[[ Data for review, beginning ]]

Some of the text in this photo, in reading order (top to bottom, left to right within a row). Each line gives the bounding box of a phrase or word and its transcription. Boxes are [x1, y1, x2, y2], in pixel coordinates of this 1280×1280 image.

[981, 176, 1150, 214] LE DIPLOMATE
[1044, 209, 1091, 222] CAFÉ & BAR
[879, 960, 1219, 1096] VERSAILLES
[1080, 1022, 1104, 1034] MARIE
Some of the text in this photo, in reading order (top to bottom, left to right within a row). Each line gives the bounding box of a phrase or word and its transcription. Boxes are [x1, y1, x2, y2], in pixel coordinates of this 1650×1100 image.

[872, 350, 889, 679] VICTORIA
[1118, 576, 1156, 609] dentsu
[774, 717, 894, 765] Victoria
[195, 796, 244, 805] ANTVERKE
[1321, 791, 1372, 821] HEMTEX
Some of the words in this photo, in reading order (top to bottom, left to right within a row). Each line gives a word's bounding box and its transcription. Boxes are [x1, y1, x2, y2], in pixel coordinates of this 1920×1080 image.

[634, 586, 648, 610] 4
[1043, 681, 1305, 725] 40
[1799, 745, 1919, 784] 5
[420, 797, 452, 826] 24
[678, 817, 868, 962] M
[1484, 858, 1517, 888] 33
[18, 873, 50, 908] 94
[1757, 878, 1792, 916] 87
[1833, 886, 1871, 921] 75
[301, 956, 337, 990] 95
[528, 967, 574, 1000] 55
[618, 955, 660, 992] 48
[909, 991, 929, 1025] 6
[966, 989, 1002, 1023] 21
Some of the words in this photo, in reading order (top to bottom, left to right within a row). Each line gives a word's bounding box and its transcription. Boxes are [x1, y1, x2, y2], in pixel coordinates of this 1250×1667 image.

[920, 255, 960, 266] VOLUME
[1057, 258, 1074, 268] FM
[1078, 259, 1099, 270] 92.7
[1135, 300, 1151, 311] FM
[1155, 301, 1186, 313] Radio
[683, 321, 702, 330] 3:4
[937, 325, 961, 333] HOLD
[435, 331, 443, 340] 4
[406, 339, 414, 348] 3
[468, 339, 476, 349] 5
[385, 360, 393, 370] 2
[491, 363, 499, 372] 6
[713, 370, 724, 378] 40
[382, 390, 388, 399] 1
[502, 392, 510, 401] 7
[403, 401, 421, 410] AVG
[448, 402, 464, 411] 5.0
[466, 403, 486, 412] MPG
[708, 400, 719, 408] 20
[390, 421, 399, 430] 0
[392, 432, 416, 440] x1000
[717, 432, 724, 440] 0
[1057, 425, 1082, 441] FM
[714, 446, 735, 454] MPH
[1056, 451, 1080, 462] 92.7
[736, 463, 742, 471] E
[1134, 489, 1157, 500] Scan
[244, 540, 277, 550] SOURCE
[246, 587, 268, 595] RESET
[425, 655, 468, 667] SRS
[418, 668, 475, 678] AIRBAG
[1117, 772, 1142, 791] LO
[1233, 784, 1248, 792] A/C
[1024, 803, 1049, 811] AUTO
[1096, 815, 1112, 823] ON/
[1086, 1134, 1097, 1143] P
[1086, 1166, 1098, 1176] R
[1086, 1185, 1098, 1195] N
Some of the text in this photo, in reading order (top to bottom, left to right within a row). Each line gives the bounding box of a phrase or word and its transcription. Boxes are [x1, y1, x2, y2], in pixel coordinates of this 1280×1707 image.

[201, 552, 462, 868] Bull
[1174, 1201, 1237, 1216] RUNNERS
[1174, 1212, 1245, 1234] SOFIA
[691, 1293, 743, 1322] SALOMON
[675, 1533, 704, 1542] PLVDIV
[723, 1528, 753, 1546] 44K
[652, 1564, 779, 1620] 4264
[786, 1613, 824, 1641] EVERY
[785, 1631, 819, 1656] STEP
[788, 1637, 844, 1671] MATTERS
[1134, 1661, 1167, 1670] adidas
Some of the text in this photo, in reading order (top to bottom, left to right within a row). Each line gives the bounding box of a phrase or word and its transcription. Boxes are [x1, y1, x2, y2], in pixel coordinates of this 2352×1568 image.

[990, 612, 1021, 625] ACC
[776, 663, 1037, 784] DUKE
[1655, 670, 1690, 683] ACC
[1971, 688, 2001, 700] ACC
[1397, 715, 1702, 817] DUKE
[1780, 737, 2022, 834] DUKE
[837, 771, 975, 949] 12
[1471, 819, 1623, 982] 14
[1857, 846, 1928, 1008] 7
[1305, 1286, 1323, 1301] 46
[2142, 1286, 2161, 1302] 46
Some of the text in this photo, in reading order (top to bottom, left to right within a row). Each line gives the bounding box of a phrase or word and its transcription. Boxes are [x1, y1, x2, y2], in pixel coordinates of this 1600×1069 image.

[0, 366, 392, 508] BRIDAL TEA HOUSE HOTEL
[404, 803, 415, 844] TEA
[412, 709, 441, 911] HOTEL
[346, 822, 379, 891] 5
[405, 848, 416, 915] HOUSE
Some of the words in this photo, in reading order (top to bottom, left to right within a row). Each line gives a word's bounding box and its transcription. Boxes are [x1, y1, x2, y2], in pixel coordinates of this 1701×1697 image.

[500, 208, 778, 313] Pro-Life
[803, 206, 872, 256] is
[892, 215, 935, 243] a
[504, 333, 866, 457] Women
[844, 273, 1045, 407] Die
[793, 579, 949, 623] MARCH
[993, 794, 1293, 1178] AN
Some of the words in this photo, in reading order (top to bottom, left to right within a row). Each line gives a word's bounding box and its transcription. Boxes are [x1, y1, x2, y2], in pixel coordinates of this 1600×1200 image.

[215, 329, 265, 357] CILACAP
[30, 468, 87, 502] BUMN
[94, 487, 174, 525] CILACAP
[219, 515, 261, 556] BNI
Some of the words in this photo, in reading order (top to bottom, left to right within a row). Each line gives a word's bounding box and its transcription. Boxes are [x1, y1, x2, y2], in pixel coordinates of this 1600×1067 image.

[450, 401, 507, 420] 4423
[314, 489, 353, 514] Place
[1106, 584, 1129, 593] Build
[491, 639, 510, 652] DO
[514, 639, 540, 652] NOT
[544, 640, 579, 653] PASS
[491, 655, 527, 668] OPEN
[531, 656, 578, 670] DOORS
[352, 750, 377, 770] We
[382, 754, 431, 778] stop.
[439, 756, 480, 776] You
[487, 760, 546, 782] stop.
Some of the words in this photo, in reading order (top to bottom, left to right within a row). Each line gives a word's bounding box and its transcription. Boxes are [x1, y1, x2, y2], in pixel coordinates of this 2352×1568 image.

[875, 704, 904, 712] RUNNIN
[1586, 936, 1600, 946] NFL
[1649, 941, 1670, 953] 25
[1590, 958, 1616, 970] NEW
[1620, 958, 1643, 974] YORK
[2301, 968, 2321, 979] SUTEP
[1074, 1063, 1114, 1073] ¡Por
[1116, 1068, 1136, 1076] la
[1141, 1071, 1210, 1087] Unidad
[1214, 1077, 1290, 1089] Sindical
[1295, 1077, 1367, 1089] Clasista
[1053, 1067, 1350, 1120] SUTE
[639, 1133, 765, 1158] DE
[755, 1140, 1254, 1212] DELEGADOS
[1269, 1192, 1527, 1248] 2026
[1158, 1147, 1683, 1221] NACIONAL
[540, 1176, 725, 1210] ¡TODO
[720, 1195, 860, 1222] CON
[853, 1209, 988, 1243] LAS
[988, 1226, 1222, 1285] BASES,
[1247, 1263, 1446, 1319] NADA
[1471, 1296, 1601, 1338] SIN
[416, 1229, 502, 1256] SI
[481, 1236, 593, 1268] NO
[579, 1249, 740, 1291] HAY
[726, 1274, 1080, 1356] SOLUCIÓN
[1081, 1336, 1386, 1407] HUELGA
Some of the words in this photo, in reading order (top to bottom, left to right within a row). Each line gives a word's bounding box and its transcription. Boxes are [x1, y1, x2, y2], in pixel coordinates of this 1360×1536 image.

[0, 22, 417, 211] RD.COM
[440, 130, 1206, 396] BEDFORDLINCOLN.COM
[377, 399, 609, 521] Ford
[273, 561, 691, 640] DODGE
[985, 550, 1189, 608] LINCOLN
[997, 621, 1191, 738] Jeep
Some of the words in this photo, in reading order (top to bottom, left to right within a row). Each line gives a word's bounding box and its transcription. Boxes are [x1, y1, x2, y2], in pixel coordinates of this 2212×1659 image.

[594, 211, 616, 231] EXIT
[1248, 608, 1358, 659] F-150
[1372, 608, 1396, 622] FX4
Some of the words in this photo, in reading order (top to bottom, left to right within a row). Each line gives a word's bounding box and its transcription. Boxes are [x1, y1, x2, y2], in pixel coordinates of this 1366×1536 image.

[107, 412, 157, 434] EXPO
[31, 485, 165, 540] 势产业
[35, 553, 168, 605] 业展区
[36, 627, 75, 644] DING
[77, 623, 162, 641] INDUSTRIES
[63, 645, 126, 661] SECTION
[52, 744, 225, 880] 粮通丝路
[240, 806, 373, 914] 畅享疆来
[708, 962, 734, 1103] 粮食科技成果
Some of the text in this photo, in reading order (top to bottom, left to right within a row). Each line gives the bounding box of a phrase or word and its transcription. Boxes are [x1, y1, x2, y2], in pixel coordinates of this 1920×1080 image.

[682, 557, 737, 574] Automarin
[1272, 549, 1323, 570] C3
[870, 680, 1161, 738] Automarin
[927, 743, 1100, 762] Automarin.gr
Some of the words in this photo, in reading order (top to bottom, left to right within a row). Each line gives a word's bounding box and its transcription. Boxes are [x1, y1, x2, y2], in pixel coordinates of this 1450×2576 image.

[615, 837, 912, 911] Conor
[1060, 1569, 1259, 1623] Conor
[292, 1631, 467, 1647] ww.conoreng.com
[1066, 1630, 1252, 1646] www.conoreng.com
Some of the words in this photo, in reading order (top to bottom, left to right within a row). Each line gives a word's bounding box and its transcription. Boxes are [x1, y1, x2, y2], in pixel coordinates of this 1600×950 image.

[[ Data for review, end ]]

> _What you have to do_: Begin at the line containing "this 1450×2576 image." and reproduce every line through the last one in the records above, exactly.

> _Reply to the task_:
Some of the words in this photo, in reading order (top to bottom, left to right within a row). Each line gives a word's bounding box and its transcription. Boxes are [x1, y1, x2, y2], in pixel coordinates of this 1450×2576 image.

[615, 837, 912, 911] Conor
[1060, 1569, 1259, 1623] Conor
[292, 1631, 467, 1647] ww.conoreng.com
[1066, 1630, 1252, 1646] www.conoreng.com
Some of the words in this photo, in reading order (top to bottom, left to right within a row). Each line gives a word's bounding box and its transcription. Boxes are [x1, y1, x2, y2], in pixel coordinates of this 1600×950 image.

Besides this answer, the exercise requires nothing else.